Glaucoma is a specified pattern of optic nerve damage and visual field loss caused by a number of different eye diseases, which can affect the eye. Not all, but most of these diseases, are characterized by elevated intraocular pressure. This is an important risk factor for the development of glaucoma, not the disease itself, because it strikes without obvious symptoms.
Everyone should be concerned about glaucoma and its effects. It is important for each of us, from infancy to senior citizens, to have our eyes checked regularly. Early detection and treatment of glaucoma are the only ways to prevent visual impairment or even blindness.
There are a few conditions that tend to put people at a greater risk. These include:
- You are over 45 and have not had your eyes examined regularly
- Family history of glaucoma
- Abnormally high intraocular pressure
- You have diabetes
- Are of African descent
- You are nearsighted
- Have regular or long-term steroid/cortisone use
- Have had a previous eye injury
Our physicians can perform a series of simple tests which can help to determine whether or not you have glaucoma or are likely to develop the disease, even before you have symptoms. The most important thing you can do to protect your vision from glaucoma is to have regular eye exams. If your eye doctor finds that you have the disease or that you are at risk for the disease, treatment can be recommended to minimize the risks or effects.
Spotlight on Glaucoma
One of the most important functions of a comprehensive eye exam is the evaluation for glaucoma. Drops are used to check the eye pressure and dilate to view the optic nerves. To learn more read the FAQ’S below:
Why do I need to get dilated?
Dilation allows the pupil (center) of the eye to open and expand to allow the Doctor to view the inside of your eye in detail. The magnified view is critical for detecting subtle abnormalities including enlargement of your nerves which is a sign of glaucoma.
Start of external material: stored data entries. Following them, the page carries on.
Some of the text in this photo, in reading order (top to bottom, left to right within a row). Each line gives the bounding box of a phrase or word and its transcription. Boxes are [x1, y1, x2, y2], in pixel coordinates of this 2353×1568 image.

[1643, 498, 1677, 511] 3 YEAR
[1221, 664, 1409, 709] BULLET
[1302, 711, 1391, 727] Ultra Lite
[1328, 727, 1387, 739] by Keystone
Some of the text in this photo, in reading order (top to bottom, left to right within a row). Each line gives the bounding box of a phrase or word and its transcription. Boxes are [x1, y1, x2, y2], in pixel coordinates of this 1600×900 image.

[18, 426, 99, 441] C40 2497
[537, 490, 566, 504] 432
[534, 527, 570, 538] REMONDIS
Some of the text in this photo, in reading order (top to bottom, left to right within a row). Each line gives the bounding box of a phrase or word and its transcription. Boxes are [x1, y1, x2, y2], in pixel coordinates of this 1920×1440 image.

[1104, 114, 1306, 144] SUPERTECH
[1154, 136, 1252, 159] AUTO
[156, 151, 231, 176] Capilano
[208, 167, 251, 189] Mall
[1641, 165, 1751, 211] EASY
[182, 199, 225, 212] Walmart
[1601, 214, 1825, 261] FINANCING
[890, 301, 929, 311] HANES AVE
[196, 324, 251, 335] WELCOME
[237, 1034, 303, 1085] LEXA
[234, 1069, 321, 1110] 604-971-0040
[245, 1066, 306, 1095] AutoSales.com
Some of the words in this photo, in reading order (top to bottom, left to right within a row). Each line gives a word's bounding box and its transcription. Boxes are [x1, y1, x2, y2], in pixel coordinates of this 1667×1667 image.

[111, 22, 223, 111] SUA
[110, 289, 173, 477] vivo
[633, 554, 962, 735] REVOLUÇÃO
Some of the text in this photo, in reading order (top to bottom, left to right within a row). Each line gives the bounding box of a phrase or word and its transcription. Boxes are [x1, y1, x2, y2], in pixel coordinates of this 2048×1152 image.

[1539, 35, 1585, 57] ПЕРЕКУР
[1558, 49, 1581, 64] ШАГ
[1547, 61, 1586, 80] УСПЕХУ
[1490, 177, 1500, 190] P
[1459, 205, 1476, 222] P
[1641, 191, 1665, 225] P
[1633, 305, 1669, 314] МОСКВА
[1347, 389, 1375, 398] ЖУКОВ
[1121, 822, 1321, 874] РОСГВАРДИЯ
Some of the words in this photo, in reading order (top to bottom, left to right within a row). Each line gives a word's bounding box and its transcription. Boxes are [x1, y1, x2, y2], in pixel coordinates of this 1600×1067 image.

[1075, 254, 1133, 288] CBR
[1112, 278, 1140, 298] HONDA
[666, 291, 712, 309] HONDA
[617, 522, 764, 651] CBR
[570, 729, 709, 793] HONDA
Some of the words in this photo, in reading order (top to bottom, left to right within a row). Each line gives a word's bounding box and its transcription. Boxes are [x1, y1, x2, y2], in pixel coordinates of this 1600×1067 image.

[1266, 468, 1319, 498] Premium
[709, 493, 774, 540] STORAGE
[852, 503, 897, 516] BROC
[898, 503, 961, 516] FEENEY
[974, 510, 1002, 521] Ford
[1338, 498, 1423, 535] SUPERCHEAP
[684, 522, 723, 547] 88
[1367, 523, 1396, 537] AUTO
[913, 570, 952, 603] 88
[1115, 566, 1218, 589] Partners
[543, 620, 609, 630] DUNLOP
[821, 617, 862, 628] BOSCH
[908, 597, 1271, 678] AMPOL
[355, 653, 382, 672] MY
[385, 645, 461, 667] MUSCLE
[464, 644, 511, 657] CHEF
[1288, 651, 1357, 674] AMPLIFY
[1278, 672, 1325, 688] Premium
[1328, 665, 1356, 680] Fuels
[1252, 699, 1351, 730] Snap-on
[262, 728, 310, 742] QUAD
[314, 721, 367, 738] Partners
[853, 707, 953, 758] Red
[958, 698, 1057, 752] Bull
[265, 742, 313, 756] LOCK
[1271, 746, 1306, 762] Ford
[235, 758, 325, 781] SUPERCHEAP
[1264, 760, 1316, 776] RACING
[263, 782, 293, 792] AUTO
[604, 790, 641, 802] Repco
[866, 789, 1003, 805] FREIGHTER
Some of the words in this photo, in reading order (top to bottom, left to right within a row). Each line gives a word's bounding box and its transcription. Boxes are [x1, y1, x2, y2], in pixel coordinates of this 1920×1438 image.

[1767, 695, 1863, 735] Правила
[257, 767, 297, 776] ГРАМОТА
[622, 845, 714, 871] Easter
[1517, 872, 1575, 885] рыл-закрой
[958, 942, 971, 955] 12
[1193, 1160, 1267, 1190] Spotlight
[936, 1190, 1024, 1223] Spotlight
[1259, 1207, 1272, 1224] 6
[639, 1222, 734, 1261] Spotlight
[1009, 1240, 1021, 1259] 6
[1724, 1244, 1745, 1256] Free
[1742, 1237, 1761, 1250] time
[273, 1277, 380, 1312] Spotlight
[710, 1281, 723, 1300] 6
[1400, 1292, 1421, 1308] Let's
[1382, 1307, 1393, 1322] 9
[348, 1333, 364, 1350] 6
Will I go blind from glaucoma?
The best way to prevent blindness is through early diagnosis at your annual exam and treatment to slow the progression of the disease. If eye drops are prescribed they must be used everyday and regular follow up visits must be kept to make sure the medication is working.
Why is it important to take eye drops everyday?
They are specially formulated to lower your eye pressure. This is the most effective way to decrease the chance of further damage to your optic nerve. Your eye pressure fluctuates throughout the day and when it spikes damage can occur. The drops help to stabilize the pressure while you are awake and sleeping.
Are there any other treatment options besides daily drops?
Yes you may be a candidate for a laser procedure that will allow control of the eye pressure. You may discuss it with your Doctor. Follow up visits are still very important to make sure the eye pressure is being maintained.
What is the purpose of the additional tests?
Visual field testing is the gold standard of care for detecting any blind spots or loss of vision. It provides a picture to show change over time. The newer technology includes imaging the optic nerves to give specific data about the size and shape and analyzes change over time. These tests provide the Doctor with data to make a decision about your care and treatment plan.
If I am having trouble with getting the drops in, buying the drops because they are expensive, or forgetting to take them what can I do?
Ask your Doctor for help because we will provide you with tips in regards to instillation. There are generic options and financial assistance for some patients if you are having trouble affording the medication. The medication is essential to preserving sight. Make it part of your daily routine. There is no cure for glaucoma and vision loss that occurs is not reversible.